Delta Well being on the Western Slope and St. Vincent Hospital in Leadville each ran in need of money in latest months, with the necessity to repay Medicare as one issue. St. Vincent came close to closing earlier than receiving state and county funds in December, and Delta Well being introduced practically all of its money was already committed to paying off debts on the finish of March.

On Wednesday, Delta Well being introduced it was “heading in the right direction” following a $653,060 advance from the Colorado Division of Well being Care Coverage and Financing. Interim CEO Julie Huffman mentioned the advance allowed it to repay one other mortgage, liberating up money for day-to-day wants. The hospital received’t have to pay the state again, however because it obtained that cost early, it received’t get one on the usually scheduled time later this spring.

Not all rural hospitals reported problem repaying Medicare, and two mentioned they didn’t find yourself utilizing their advances. Angela Kobel, chief monetary officer at Lincoln Well being in Hugo, mentioned the cash supplied a “cushion,” however the hospital didn’t want to make use of it as revenues began to rise once more.

Sheli Steele, spokeswoman for Memorial Regional Well being in Craig, mentioned the hospital’s advances additionally stayed within the financial institution. Memorial Regional really hosted extra surgical procedures than typical at some factors, when bigger hospitals couldn’t carry out nonemergency procedures, and likewise benefited from different stimulus funding and paycheck safety loans, she mentioned.

“When it got here time to repay the Medicare accelerated cost cash, we had the funds,” she mentioned.

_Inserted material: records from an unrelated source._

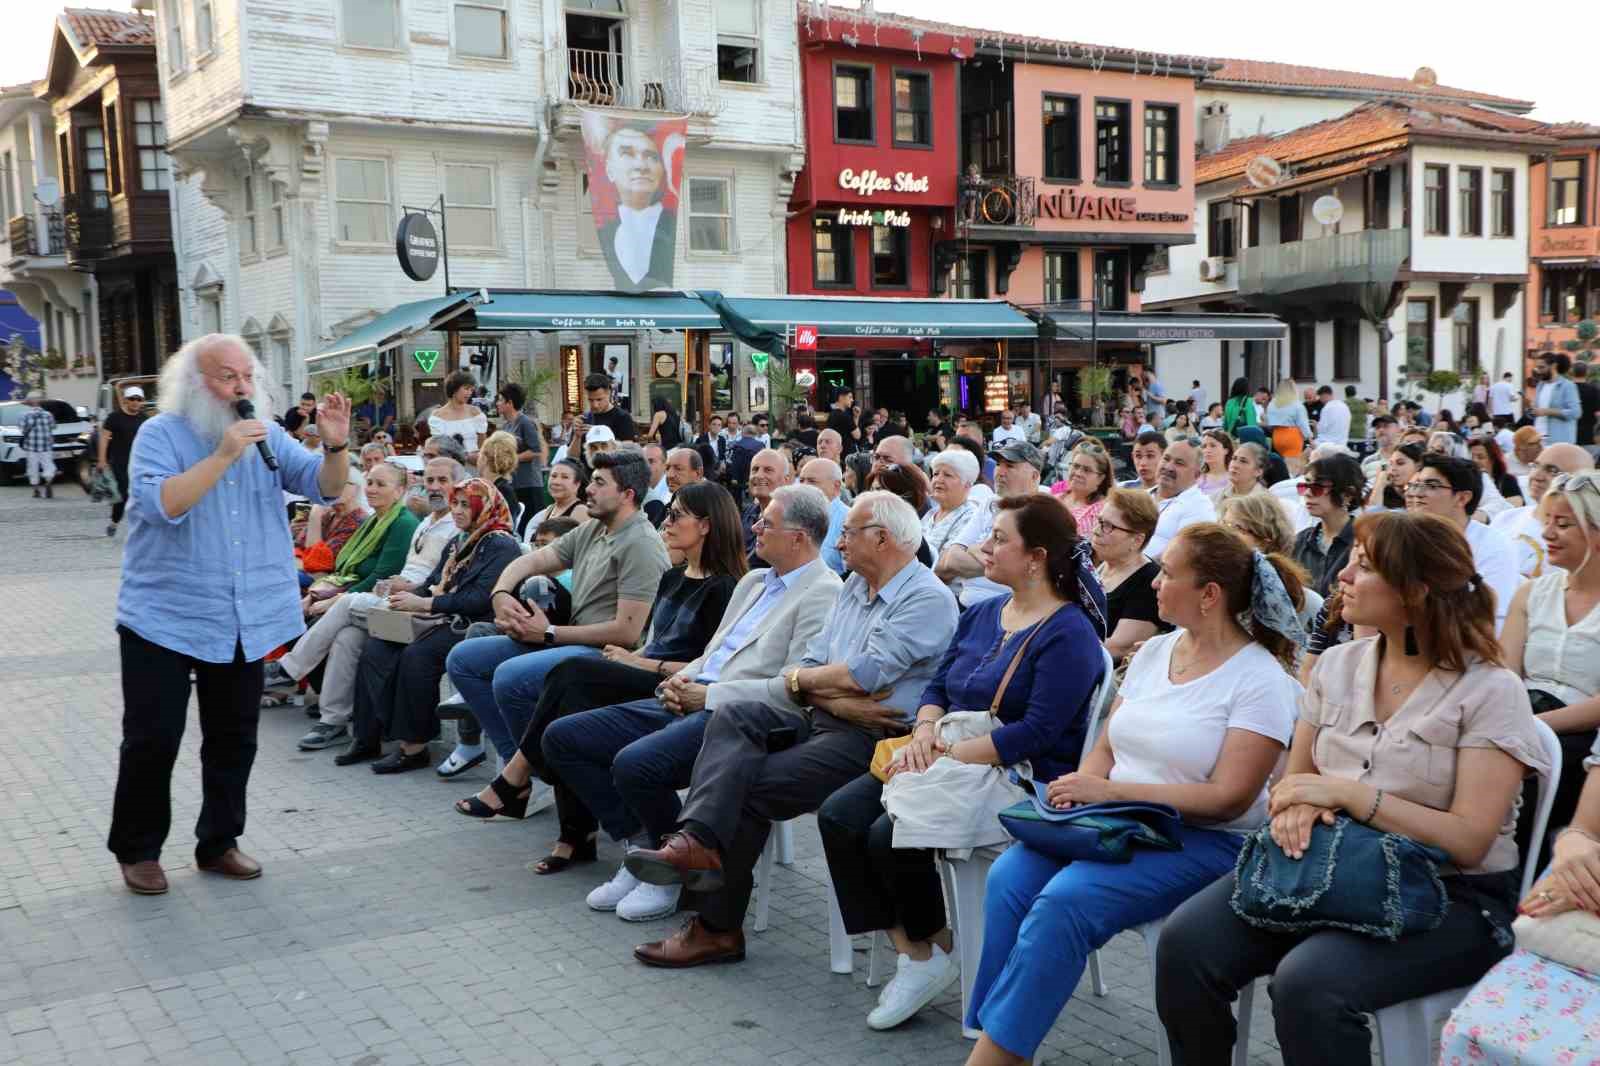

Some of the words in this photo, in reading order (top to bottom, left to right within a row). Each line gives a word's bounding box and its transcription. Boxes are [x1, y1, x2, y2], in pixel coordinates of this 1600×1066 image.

[839, 168, 892, 196] Coffee
[894, 171, 929, 193] Shot
[1037, 188, 1137, 220] NÜANS
[838, 207, 873, 226] Irish
[884, 209, 911, 227] Pub
[800, 330, 816, 345] illy
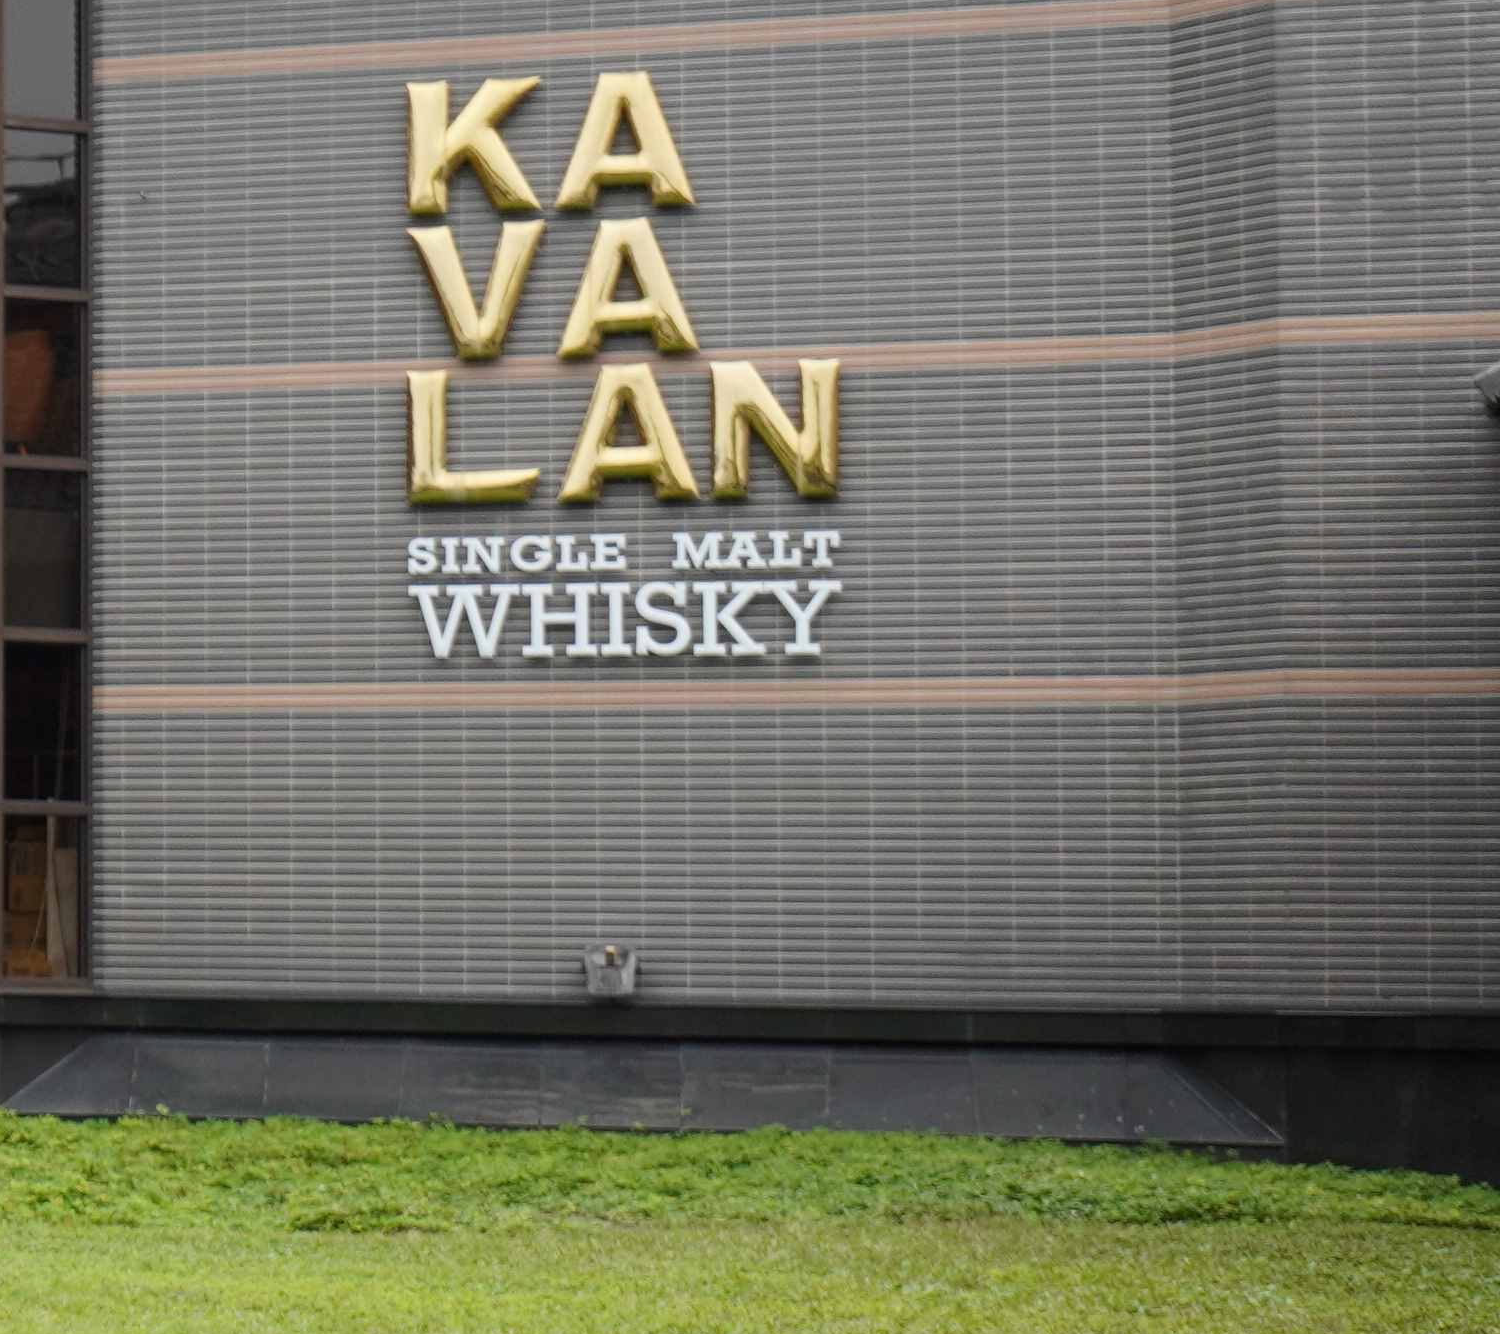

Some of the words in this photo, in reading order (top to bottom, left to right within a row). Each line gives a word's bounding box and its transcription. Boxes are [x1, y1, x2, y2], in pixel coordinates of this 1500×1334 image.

[406, 70, 698, 214] KA
[406, 217, 701, 360] VA
[406, 358, 841, 503] LAN
[407, 533, 628, 575] SINGLE
[672, 530, 841, 569] MALT
[408, 580, 843, 658] WHISKY

The Facilities for Medicare and Medicaid Companies may situation advance funds earlier than the pandemic, however just for pure disasters or different uncommon circumstances. The company additionally would usually begin recouping that cash instantly, however congressional acts in March and October 2020 gave hospitals a yr earlier than it may acquire.

For the primary 11 months after cost got here due, the federal company may withhold 25% of what Medicare would usually pay every month, until it recouped the amount of the advance. If that didn’t repay the debt, it may take 50% of Medicare funds for an additional six months. If that also wasn’t sufficient, and the hospital didn’t ship cash to repay its remaining advance, the company may begin charging 4% curiosity.

The entire Colorado recipients repaid their advances, and as of Nov. 30, so had about 99% of recipients nationwide. The reimbursement schedule was set by regulation, so it wasn’t potential to delay collections when prices began rising, a Facilities for Medicare and Medicaid Companies consultant mentioned.

The funds had been profitable in serving to hospitals get via the rapid crunch, however after they got here due in 2021 and 2022, hospitals had been going through totally different monetary hurdles, mentioned Rennell, of the Colorado Hospital Affiliation. Prices began rising, particularly for short-term staffing, and a few amenities hadn’t rebounded to their pre-pandemic affected person volumes, he mentioned.

“The income got here again, however the bills got here again extra,” he mentioned. “I wouldn’t say this one factor is making it onerous for hospitals on their money move. It’s a mixture of issues.”